Posted on December 1, 2010
Filed under Favorites
Posted by Lauren Kahn
Margrette Kuhrt’s “The Pink House on the Sidewalk or How I Learned to Dream Again” is a piece that many Duke students would be nodding their heads to (as I did) when reading about the process of self-discovery and independence that comes with college. She takes us through her growing need to break free from the life she was “supposed to live” and rediscover her imagination. I particularly enjoyed her writing about the sidewalk chalk drawings and how they mean something to her:
“You see, whenever I draw a rectangle, it is around the number I wish to distinguish as the final answer to the math problem I have been working on. And I don’t ever have the occasion to draw triangles. But the longer I look out to the sidewalk, the more I’m captivated by the unmistakable four right angles of a lucky rectangle that gets to be a house, drawn in sure pink lines” (3).
I love the way she focuses on the shapes as a way to show the difference between her life (dictated by math classes) and the lives of these children (driven by their creativity). Throughout the piece she does a great job inspecting the different dimensions of her discoveries, starting with her frustration and stress and then ending with the realization that she needs these children—and the imaginative mindset they represent—to balance out her life. I admire Margrette’s self-reflection and the way she works through her thoughts in her writing, taking the reader through her discoveries. I will forever think of this piece whenever I see sidewalk chalk and will remember to take the time to appreciate the details of the children’s uninhibited imagination.

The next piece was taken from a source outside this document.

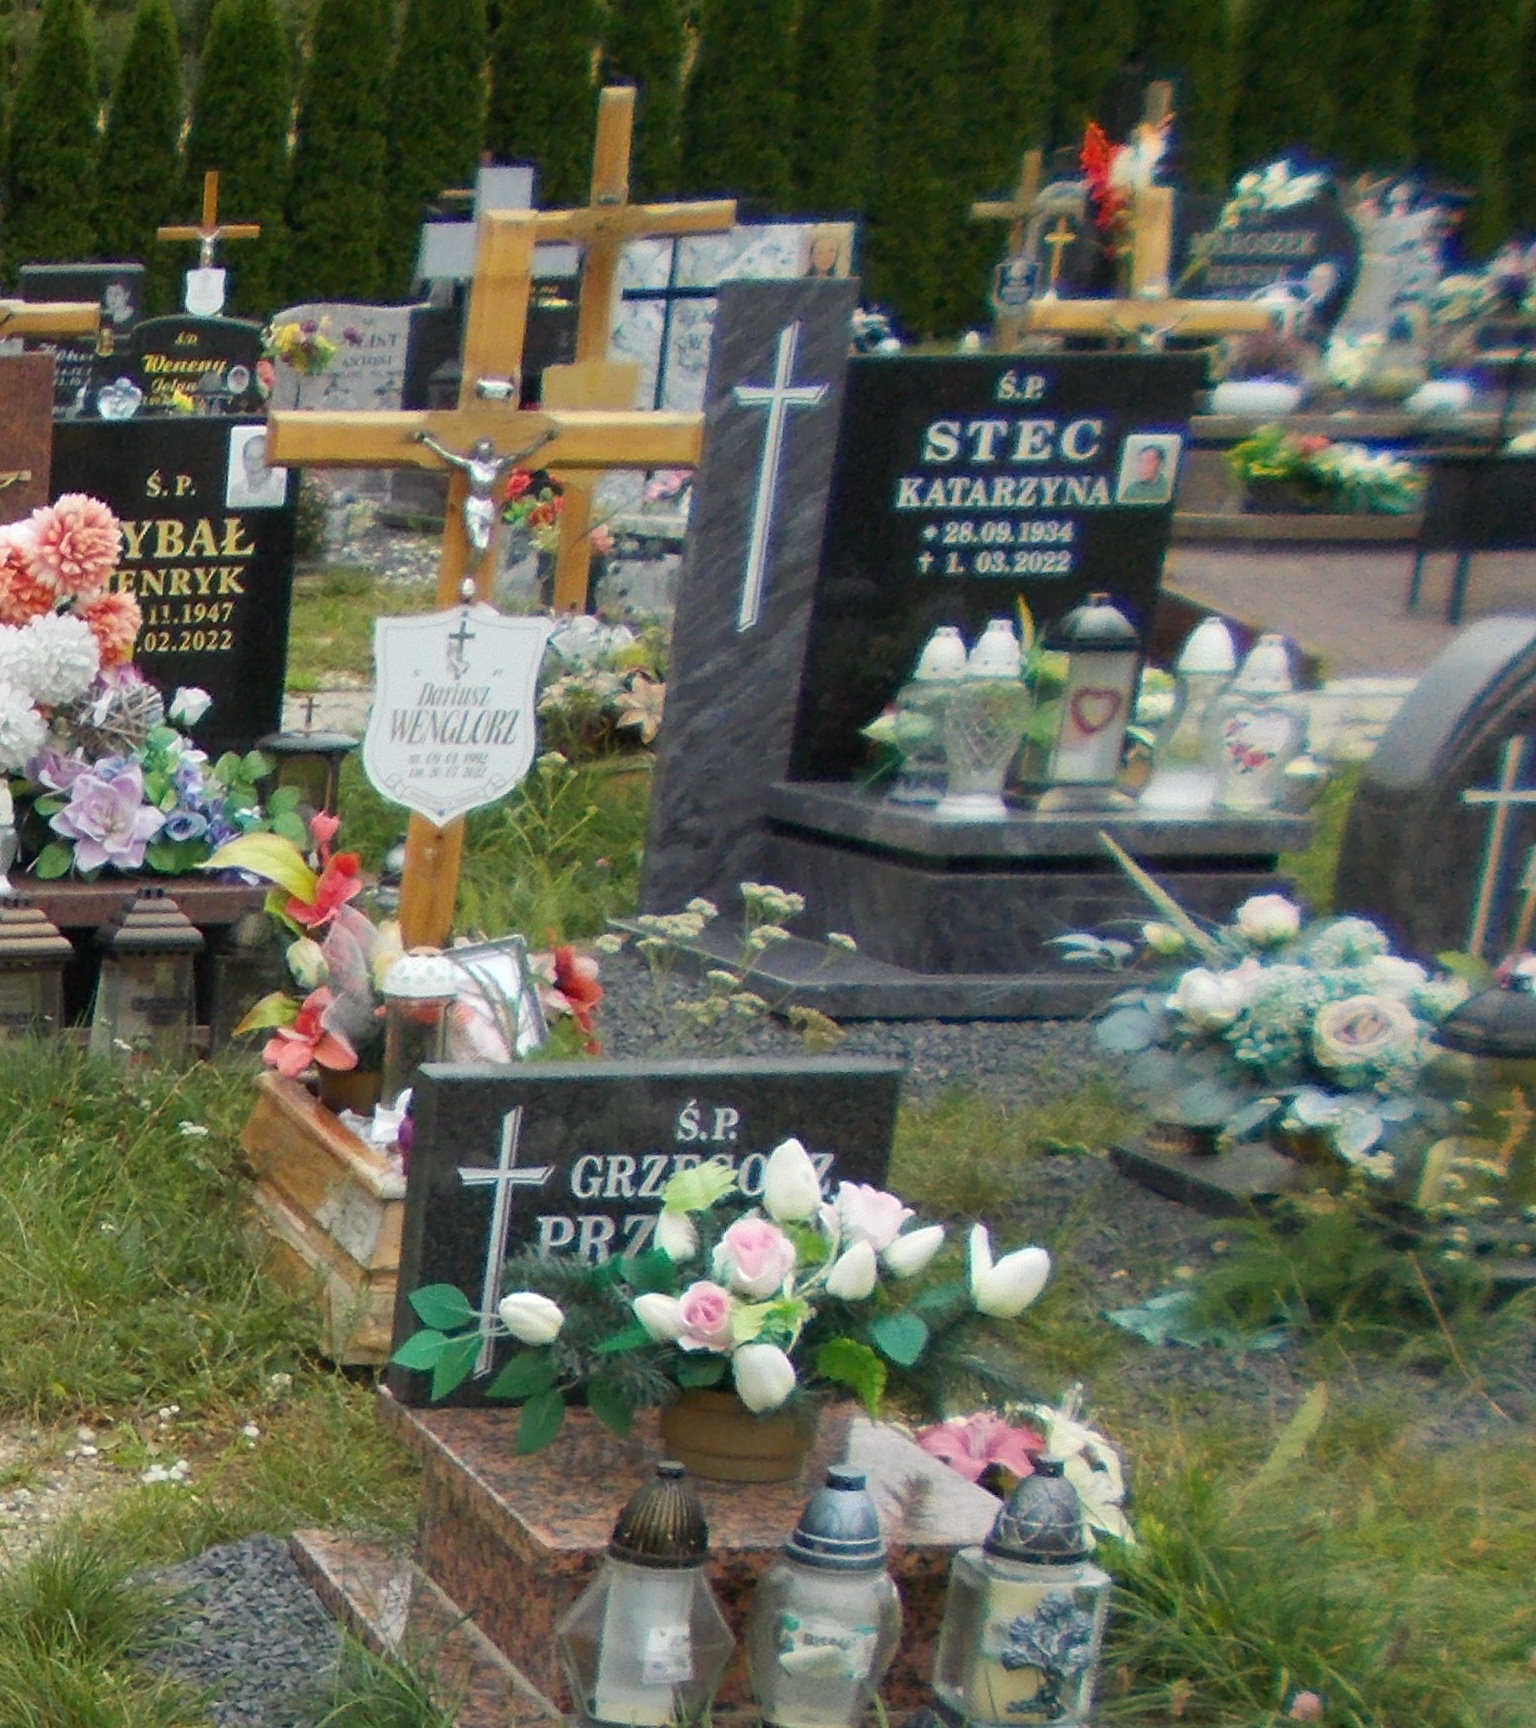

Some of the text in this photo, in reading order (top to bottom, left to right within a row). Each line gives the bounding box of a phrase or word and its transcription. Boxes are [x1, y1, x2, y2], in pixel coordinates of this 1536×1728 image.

I also truly appreciated Alexandra McKnight’s raw and honest writing in “Tags for A Moment” about her devastating break-up and strong recovery. My favorite section reads,
“True love was simple. It was not filled with hidden secrets, insomnia filled nights, or broken promises. Love was a simple equation: what you put in, you get back in return. My situation was also simple: I deserved better than Brandon. Carefully and with a new perspective I touched the lavender tipped paintbrush to our canvas: Love = Love. I left the Center a bit happier, a bit more complete; like a single shard of glass had been properly places back into the frame.”
Xan’s last sentence is particularly beautiful and poetic. She is able to find beauty after heartbreak. Though “Love=Love” was originally intended as a sign of LGBT, Xan is able to adopt the symbol to make meaning for her own situation. Thank you for sharing such a powerful and personal piece.